If a record holds a picture, leave the picture out and repeat everything else exactly.

Start of Provided records

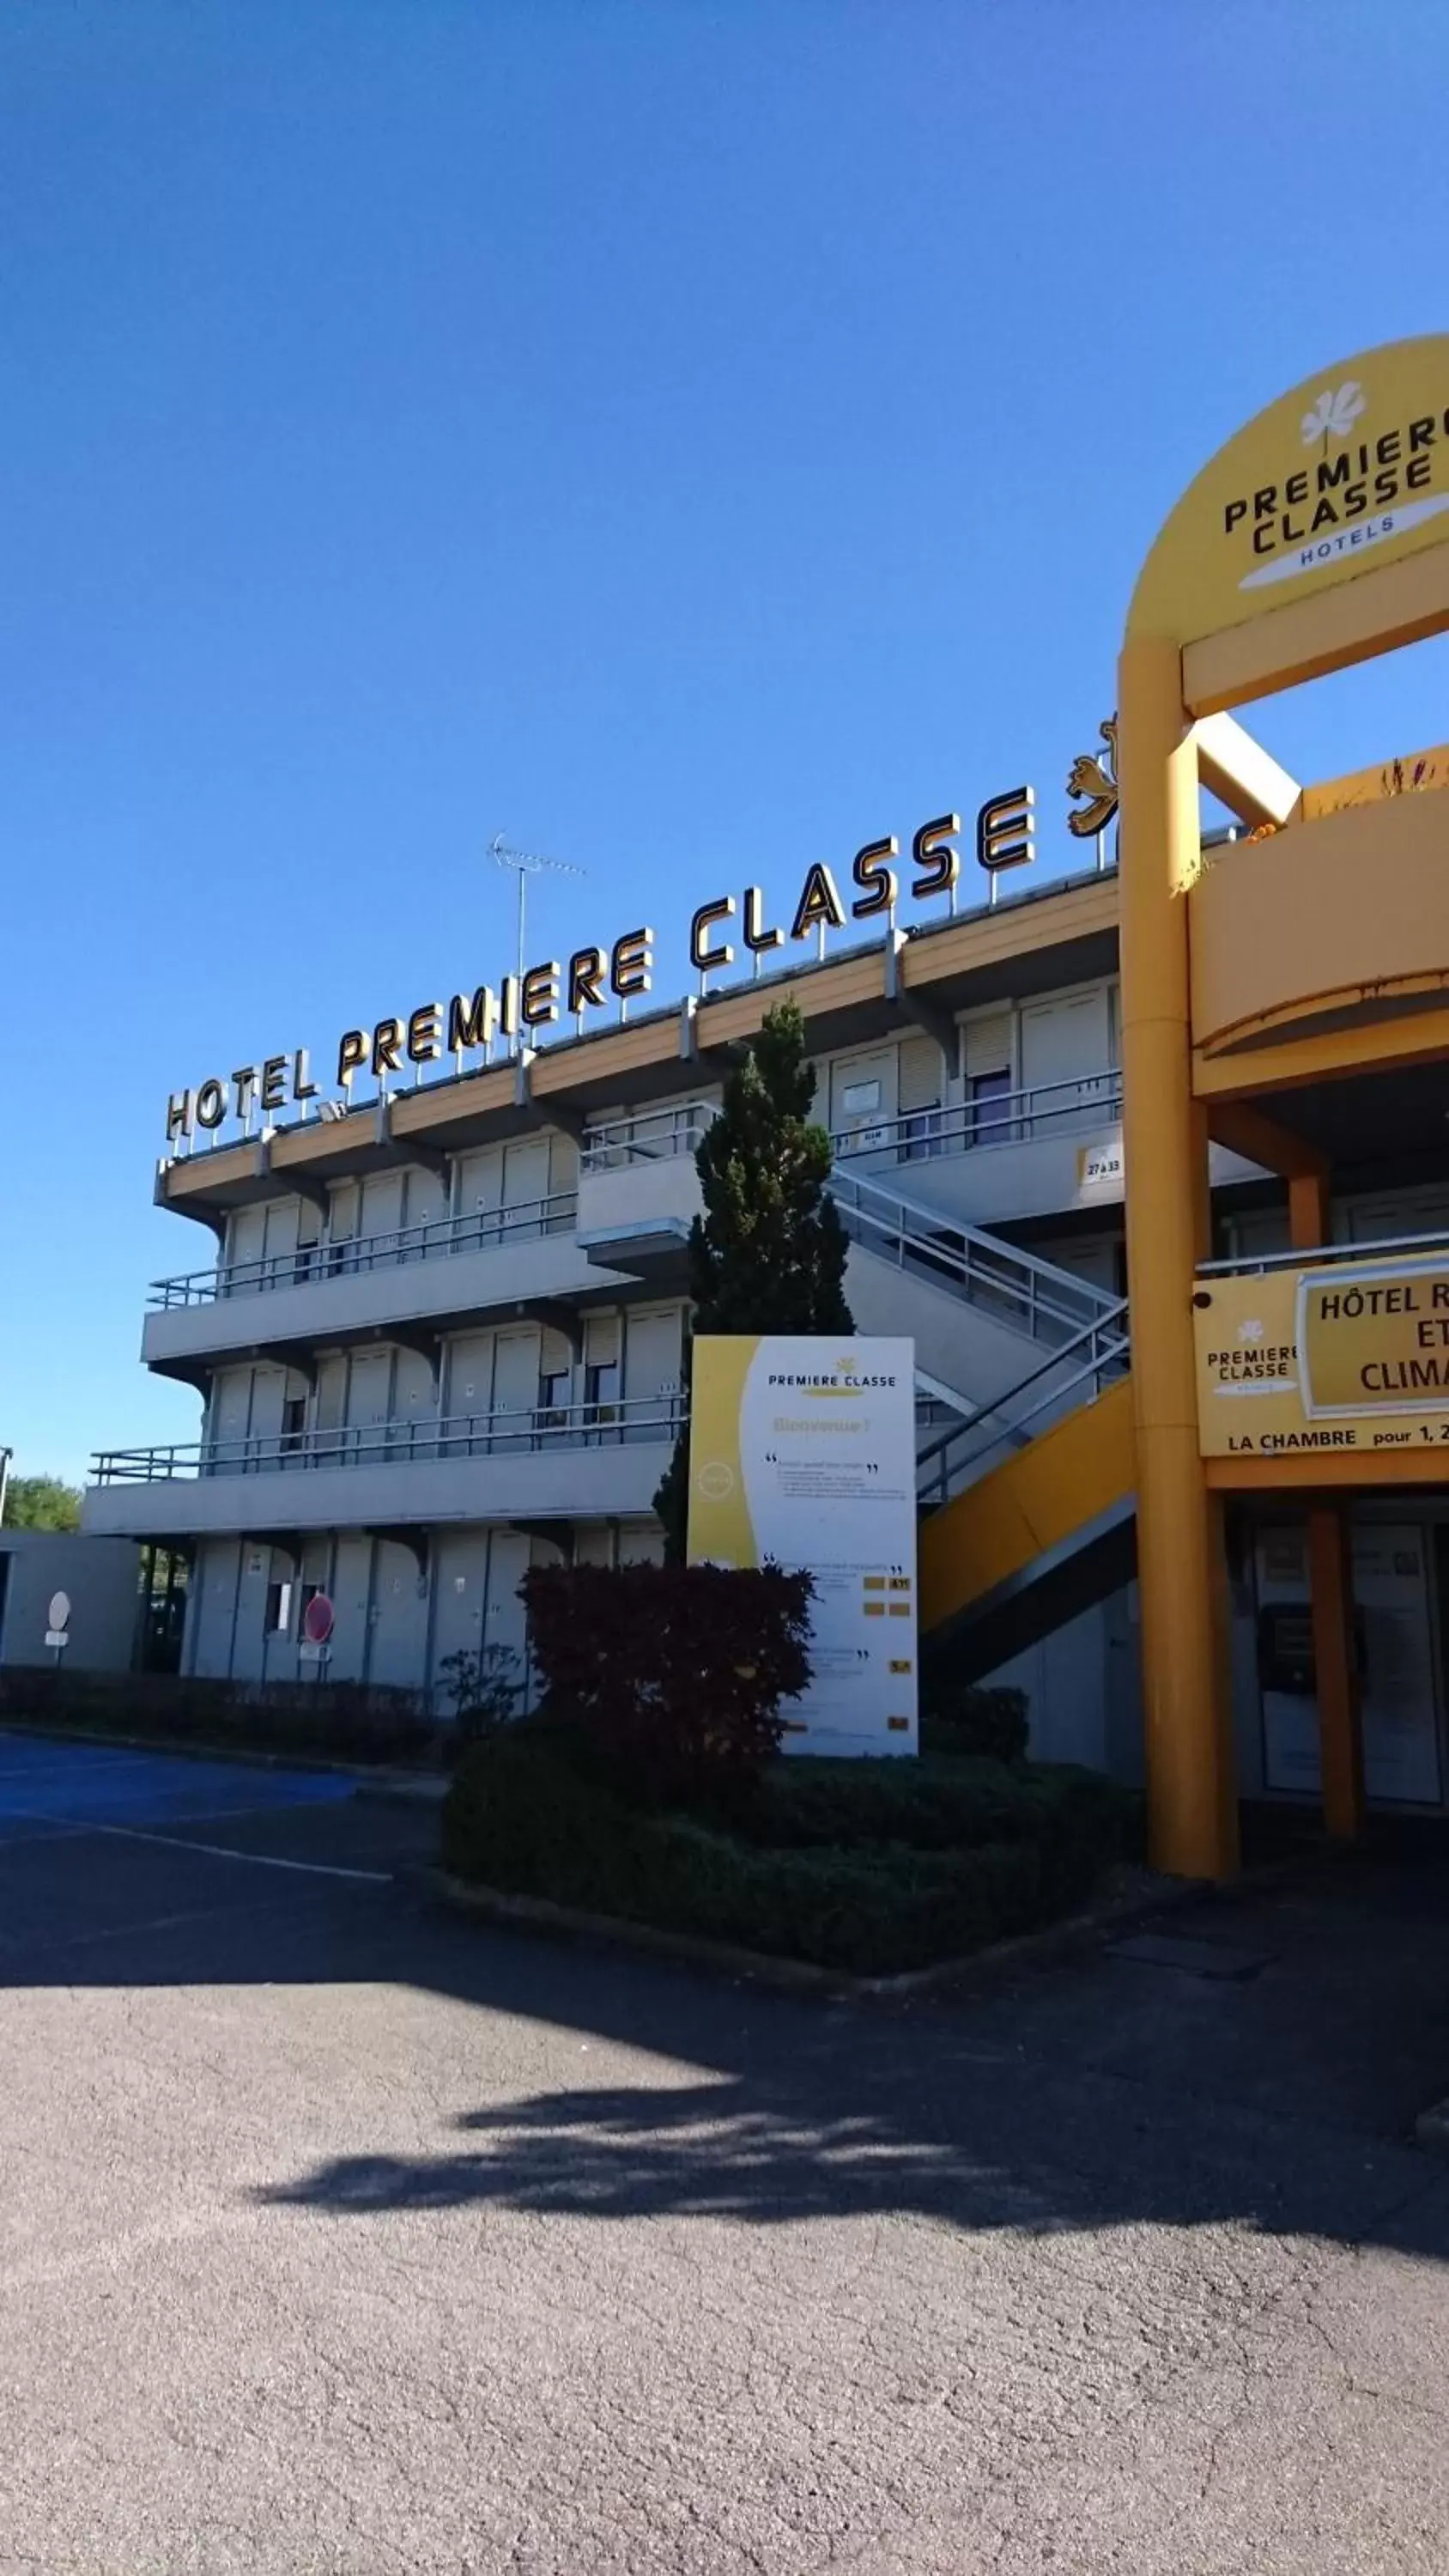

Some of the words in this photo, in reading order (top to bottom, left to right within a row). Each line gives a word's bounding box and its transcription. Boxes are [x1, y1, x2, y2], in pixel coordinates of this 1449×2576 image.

[1224, 408, 1449, 534] PREMIER
[1252, 453, 1432, 555] CLASSE
[1300, 516, 1395, 566] HOTELS
[167, 1048, 319, 1141] HOTEL
[337, 927, 653, 1086] PREMIERE
[690, 785, 1034, 970] CLASSE
[1321, 1286, 1420, 1321] HÔTEL
[768, 1374, 838, 1388] PREMIERE
[844, 1375, 896, 1388] CLASSE
[1219, 1362, 1288, 1381] CLASSE
[1360, 1358, 1449, 1392] CLIM
[1228, 1437, 1253, 1451] LA
[1259, 1429, 1356, 1450] CHAMBRE
[1373, 1431, 1412, 1447] pour

End of Provided records

* Reply
Some of the words in this photo, in reading order (top to bottom, left to right within a row). Each line gives a word's bounding box and its transcription. Boxes are [x1, y1, x2, y2], in pixel coordinates of this 1449×2576 image.

[1224, 408, 1449, 534] PREMIER
[1252, 453, 1432, 555] CLASSE
[1300, 516, 1395, 566] HOTELS
[167, 1048, 319, 1141] HOTEL
[337, 927, 653, 1086] PREMIERE
[690, 785, 1034, 970] CLASSE
[1321, 1286, 1420, 1321] HÔTEL
[768, 1374, 838, 1388] PREMIERE
[844, 1375, 896, 1388] CLASSE
[1219, 1362, 1288, 1381] CLASSE
[1360, 1358, 1449, 1392] CLIM
[1228, 1437, 1253, 1451] LA
[1259, 1429, 1356, 1450] CHAMBRE
[1373, 1431, 1412, 1447] pour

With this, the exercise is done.